5 мин, 42 сек 13442
Почетный председатель берет ручку и большими размашистыми буквами пишет на верхнем листе «Сказка». Откладывает ручку, задумывается и вспоминает хищную улыбку и белые уши. Ровно через сутки палач по одному заслушает каждого доброго жителя города N — и даже почетного председателя общества Добрых И Светлых Книг. И если кто-нибудь не прочитает собственноручно написанную добрую и светлую сказку… Федору Петровичу не хочется оказаться на месте несчастных, в которых под покровом битвы проникли призрак женщины с недобрыми глазами, мистера Кинга, господина с тяжелой тростью или… сколько там их было — родителей мерзких существ, приговоренных к аутодафе? Пощады не будет. В лучшем случае зараженных ересью добрых горожан закопают заживо в освященной земле — вместе с призраками. Про худший случай Федор Петрович предпочитает не думать.
Голова Федора Петровича дымится. Из дыма складывается силуэт доброй принцессы. Принцесса прогуливается по листу бумаги, брезгливо обходит чернильные буквы — боится запачкать белые атласные туфельки. Федор Петрович с умилением разглядывает девочку, которая… Минуточку, а кто это у девочки за спиной? Федор Петрович в ужасе машет руками, дым развеивается. Перекошенные ужасом черты девочки исчезают вместе с дымом.
— Спокойствие, только спокойствие! — Федор Петрович жужжит моторчиком. На шум приходит жена. В ее руках исписанные листы. Буквы светятся добротой. Федор Петрович завистливо косится на рукопись.
— Феденька, а как же… — жена недоуменно разглядывает стопку чистых листов на столе.
Федор Петрович прячет панику под мнимым возмущением. Он, как почетный председатель не менее почетного общества не может себе позволить написать что-нибудь и как-нибудь! Его сказку тут же, из рук палача, заберут в печать, издадут на розовой жевательной бумаге, пересыпанной сахарной пудрой!
— Пошла прочь, негодная! — на этой пафосной ноте Федор Петрович завершает отповедь и царственным жестом указывает на дверь. Жена уходит, виновато виляя хвостом. Чистые листы бумаги гнусно хихикают.
— Мое подсознание слушается меня… в моей голове только добрые мысли… — Федор Петрович сидит на столе в позе «лотоса». Не меняя позы, решительно придвигает листы бумаги и представляет себе добрую бабушку в платочке. Берет ручку… Бабушка подмигивает Федору Петровичу, жеманно хихикает очень марь-иванновским образом и тянется к нему синими руками, покрытыми гнусными язвами.

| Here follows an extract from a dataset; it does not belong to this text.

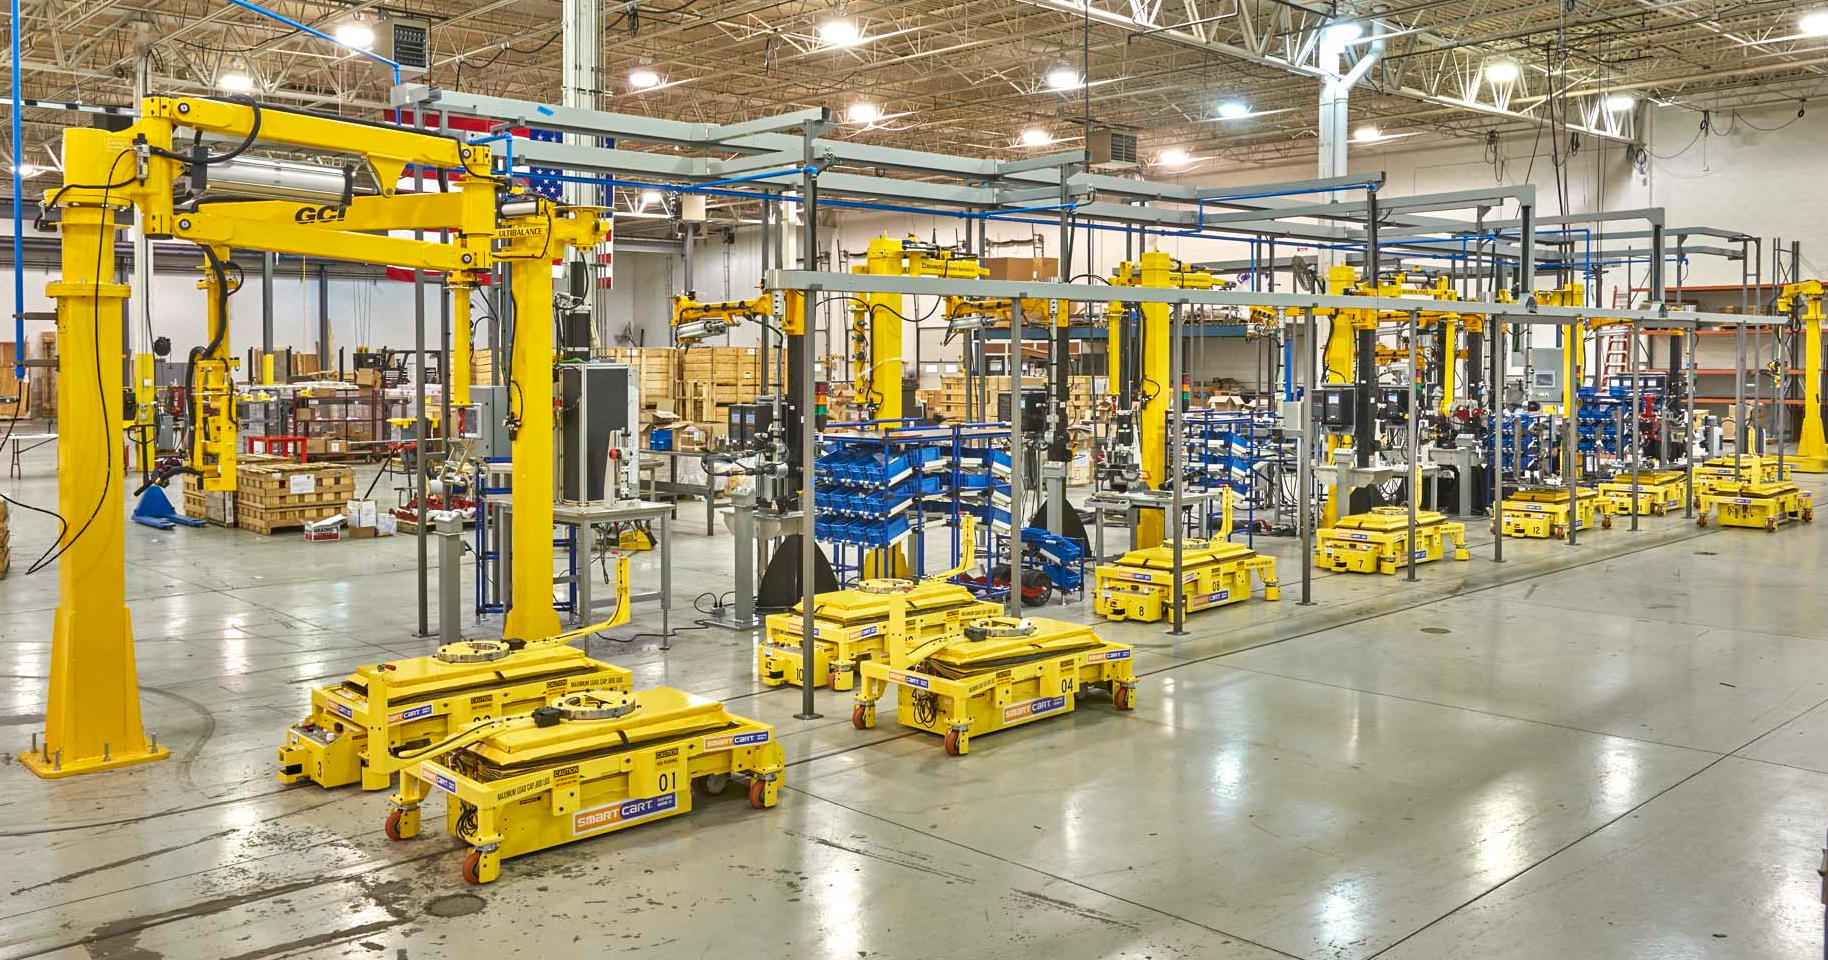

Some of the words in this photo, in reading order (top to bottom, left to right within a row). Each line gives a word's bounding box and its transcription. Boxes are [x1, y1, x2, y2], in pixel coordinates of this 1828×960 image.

— Сгинь, нечистая! — Федор Петрович бросается к сборнику сказок, но тут же отдергивает руку — яркая обложка оставляет на пальцах волдыри. Ручка подпрыгивает и на белом фоне бегут черные буквы — «вонзил острые зубы в трепетную плоть». Обожженные руки прижимаются к острым зубам и трепетной плоти, исцеляясь. Раздается вой. Это воет Федор Петрович.
На шум прибегает жена. Федор Петрович притворяется серым волком из доброй светлой сказки, жена одобрительно треплет волка по загривку. Федор Петрович из последних сил сдерживает желание откусить жене руку. Или хотя бы палец. Один. Лучше два.
Жена выходит. Федор Петрович наклоняет перевернутое лицо над чистым листом. На листе отражается лицо мистера Кинга. Глаза мистера Кинга смотрят на Федора Петровича с укоризною.
Теплая слеза капает на лист.
— Бедные вы несчастные, как же вы — со всем этим? А мы вас… И ваших деток… — Федор Петрович рыдает в голос. Мистер Кинг протягивает плоскую руку.
— А мы напишем про это книгу? — всхлипывает Федор Петрович.
— Обязательно, — шелестит мистер Кинг.
Федор Петрович доверчиво тянется к призрачной руке и жалеет, что его книгу уже никогда не напечатают на розовой жевательной бумаге, пересыпанной сахарной пудрой.